### Exercise requirements
When you reach the records below, output each one exactly.

┌──

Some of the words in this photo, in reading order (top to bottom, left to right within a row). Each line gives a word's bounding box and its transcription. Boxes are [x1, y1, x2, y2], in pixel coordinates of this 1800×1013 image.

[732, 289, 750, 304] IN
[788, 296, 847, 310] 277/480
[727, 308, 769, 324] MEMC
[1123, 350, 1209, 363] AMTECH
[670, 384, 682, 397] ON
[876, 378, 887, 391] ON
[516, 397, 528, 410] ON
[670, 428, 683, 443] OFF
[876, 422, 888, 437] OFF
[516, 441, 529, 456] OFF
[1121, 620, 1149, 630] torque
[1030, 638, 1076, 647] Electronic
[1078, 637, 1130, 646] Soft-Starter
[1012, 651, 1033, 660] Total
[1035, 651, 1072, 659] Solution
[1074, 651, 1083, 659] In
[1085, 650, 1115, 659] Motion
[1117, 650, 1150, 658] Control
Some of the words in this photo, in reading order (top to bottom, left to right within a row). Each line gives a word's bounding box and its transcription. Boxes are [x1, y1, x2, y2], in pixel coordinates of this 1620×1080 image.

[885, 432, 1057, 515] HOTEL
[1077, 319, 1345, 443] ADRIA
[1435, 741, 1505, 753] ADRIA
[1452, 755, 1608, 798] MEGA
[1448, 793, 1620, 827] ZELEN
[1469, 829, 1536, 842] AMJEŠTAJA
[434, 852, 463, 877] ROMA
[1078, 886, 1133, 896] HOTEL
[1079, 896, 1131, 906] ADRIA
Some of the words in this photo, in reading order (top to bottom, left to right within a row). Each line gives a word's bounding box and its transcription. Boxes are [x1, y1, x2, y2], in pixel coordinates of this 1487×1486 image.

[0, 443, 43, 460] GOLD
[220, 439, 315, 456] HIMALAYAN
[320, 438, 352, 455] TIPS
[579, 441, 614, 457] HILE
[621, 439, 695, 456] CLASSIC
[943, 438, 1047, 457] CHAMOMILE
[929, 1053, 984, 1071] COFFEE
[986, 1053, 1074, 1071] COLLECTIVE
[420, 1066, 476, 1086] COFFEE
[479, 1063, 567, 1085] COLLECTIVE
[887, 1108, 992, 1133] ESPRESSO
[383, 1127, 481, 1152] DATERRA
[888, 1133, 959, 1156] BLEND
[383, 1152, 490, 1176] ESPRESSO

└──

### Response to the task
Some of the words in this photo, in reading order (top to bottom, left to right within a row). Each line gives a word's bounding box and its transcription. Boxes are [x1, y1, x2, y2], in pixel coordinates of this 1800×1013 image.

[732, 289, 750, 304] IN
[788, 296, 847, 310] 277/480
[727, 308, 769, 324] MEMC
[1123, 350, 1209, 363] AMTECH
[670, 384, 682, 397] ON
[876, 378, 887, 391] ON
[516, 397, 528, 410] ON
[670, 428, 683, 443] OFF
[876, 422, 888, 437] OFF
[516, 441, 529, 456] OFF
[1121, 620, 1149, 630] torque
[1030, 638, 1076, 647] Electronic
[1078, 637, 1130, 646] Soft-Starter
[1012, 651, 1033, 660] Total
[1035, 651, 1072, 659] Solution
[1074, 651, 1083, 659] In
[1085, 650, 1115, 659] Motion
[1117, 650, 1150, 658] Control
Some of the words in this photo, in reading order (top to bottom, left to right within a row). Each line gives a word's bounding box and its transcription. Boxes are [x1, y1, x2, y2], in pixel coordinates of this 1620×1080 image.

[885, 432, 1057, 515] HOTEL
[1077, 319, 1345, 443] ADRIA
[1435, 741, 1505, 753] ADRIA
[1452, 755, 1608, 798] MEGA
[1448, 793, 1620, 827] ZELEN
[1469, 829, 1536, 842] AMJEŠTAJA
[434, 852, 463, 877] ROMA
[1078, 886, 1133, 896] HOTEL
[1079, 896, 1131, 906] ADRIA
Some of the words in this photo, in reading order (top to bottom, left to right within a row). Each line gives a word's bounding box and its transcription. Boxes are [x1, y1, x2, y2], in pixel coordinates of this 1487×1486 image.

[0, 443, 43, 460] GOLD
[220, 439, 315, 456] HIMALAYAN
[320, 438, 352, 455] TIPS
[579, 441, 614, 457] HILE
[621, 439, 695, 456] CLASSIC
[943, 438, 1047, 457] CHAMOMILE
[929, 1053, 984, 1071] COFFEE
[986, 1053, 1074, 1071] COLLECTIVE
[420, 1066, 476, 1086] COFFEE
[479, 1063, 567, 1085] COLLECTIVE
[887, 1108, 992, 1133] ESPRESSO
[383, 1127, 481, 1152] DATERRA
[888, 1133, 959, 1156] BLEND
[383, 1152, 490, 1176] ESPRESSO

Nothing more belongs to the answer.